6 Replies Latest reply on Jul 11, 2012 6:08 PM by Dan Berindei

    using a distributed cache for container ejb on AS7

    inspector Newbie

      Hi everybody,

       

      I'm working on scalable ha-clusters and I have a domain-mode cluster in mind which uses Infinispan-distribution to be scalable. So I started to make the cache-containers use distributed-caches instead of replicated ones:

       

                    <subsystem xmlns="urn:jboss:domain:infinispan:1.3">
                      <cache-container name="cluster" aliases="ha-partition" default-cache="default">
                          <transport lock-timeout="60000"/>
                          <!-- changed this one to be distributed -->
                          <distributed-cache name="default" mode="SYNC" batching="true">
                              <locking isolation="REPEATABLE_READ"/>
                          </distributed-cache>
                      </cache-container>
                      <!-- using dist instead of repl as default-cache -->
                      <cache-container name="web" aliases="standard-session-cache" default-cache="dist" module="org.jboss.as.clustering.web.infinispan">
                          <transport lock-timeout="60000"/>
                          <replicated-cache name="repl" mode="ASYNC" batching="true">
                              <file-store/>
                          </replicated-cache>
                          <replicated-cache name="sso" mode="SYNC" batching="true"/>
                          <distributed-cache name="dist" mode="ASYNC" batching="true" l1-lifespan="0">
                              <file-store/>
                          </distributed-cache>
                      </cache-container>
                      <!-- using dist instead of repl as default-cache -->
                      <cache-container name="ejb" aliases="sfsb sfsb-cache" default-cache="dist" module="org.jboss.as.clustering.ejb3.infinispan">
                          <transport lock-timeout="60000"/>
                          <replicated-cache name="repl" mode="ASYNC" batching="true">
                              <eviction strategy="LRU" max-entries="10000"/>
                              <file-store/>
                          </replicated-cache>
                          <!--
                            ~  Clustered cache used internally by EJB subsytem for managing the client-mapping(s) of
                            ~                 the socketbinding referenced by the EJB remoting connector 
                            -->
                          <replicated-cache name="remote-connector-client-mappings" mode="SYNC" batching="true"/>
                          <distributed-cache name="dist" mode="ASYNC" batching="true" l1-lifespan="0">
                              <eviction strategy="LRU" max-entries="10000"/>
                              <file-store/>
                          </distributed-cache>
                      </cache-container>
                      <cache-container name="hibernate" default-cache="local-query" module="org.jboss.as.jpa.hibernate:4">
                          <!-- no changes here -->
                      </cache-container>
                  </subsystem>
      

      It starts up well and seems like everything is ok.

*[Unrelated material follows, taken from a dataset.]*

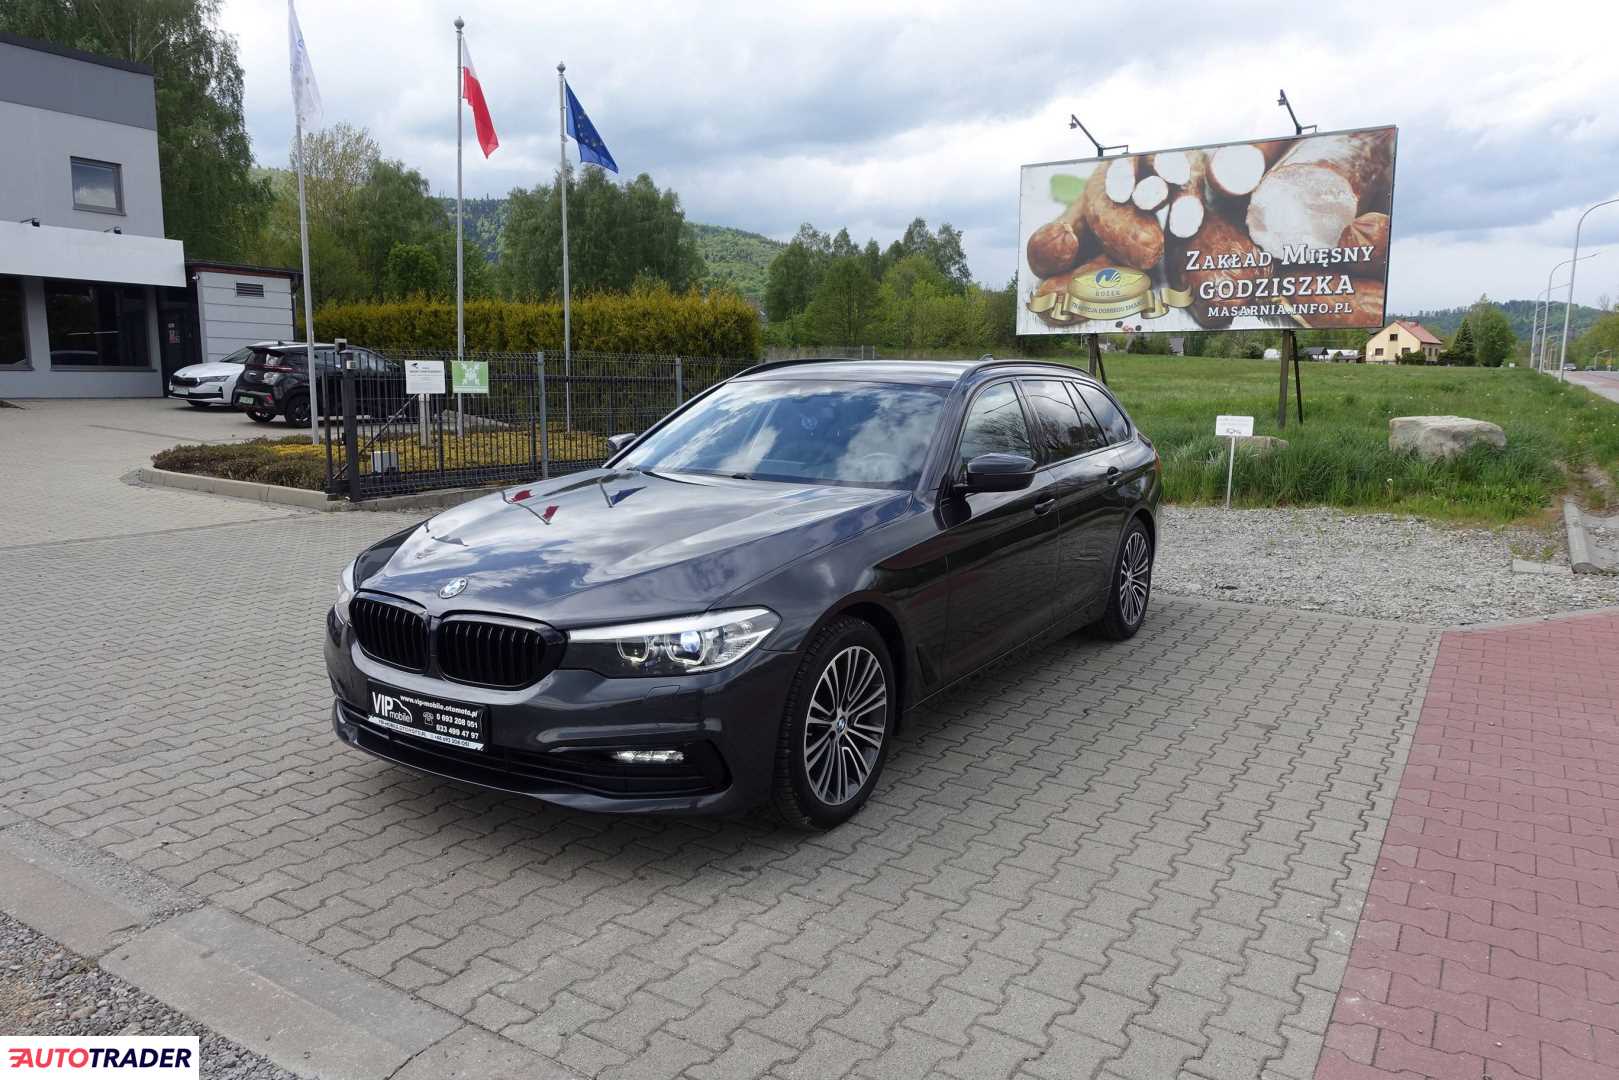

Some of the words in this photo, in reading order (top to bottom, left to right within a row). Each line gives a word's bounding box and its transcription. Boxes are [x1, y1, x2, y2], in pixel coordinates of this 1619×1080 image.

But when I try to access a stateful-session-bean the server hangs. It only hangs when I try to use a distributed cache for the container ejb. If I use a replicated cache for ejb but still use distributed caches for cluster and web everything works fine. The problem does appear independent from the number of cluster nodes.

       

      By hanging I mean that the server won't complete the request. It will start to shutdown on CTRL+C but will not finish to. The only way to kill the server is kill -9. Attached to this post there is a file containing the stdout of the server with a thread-dump (kill -3) appended at the point where I requested a SFSB and nothing happened.

       

      I tried this with 7.1.2.Final-tag and some newer trunk version ( 2e2f1a7dfcebebb282987d2d8e2df4407de036ac ). I have not tried it with an EAP 6 yet. The application I was using for testing purposes was the cluster-example from https://github.com/akquinet/jbosscc-as7-examples .

       

      What am I doing wrong? Am I maybe trying something completely stupid?

        • 1. Re: using a distributed cache for container ejb on AS7
          inspector Newbie

          No ideas? Need some more explanation?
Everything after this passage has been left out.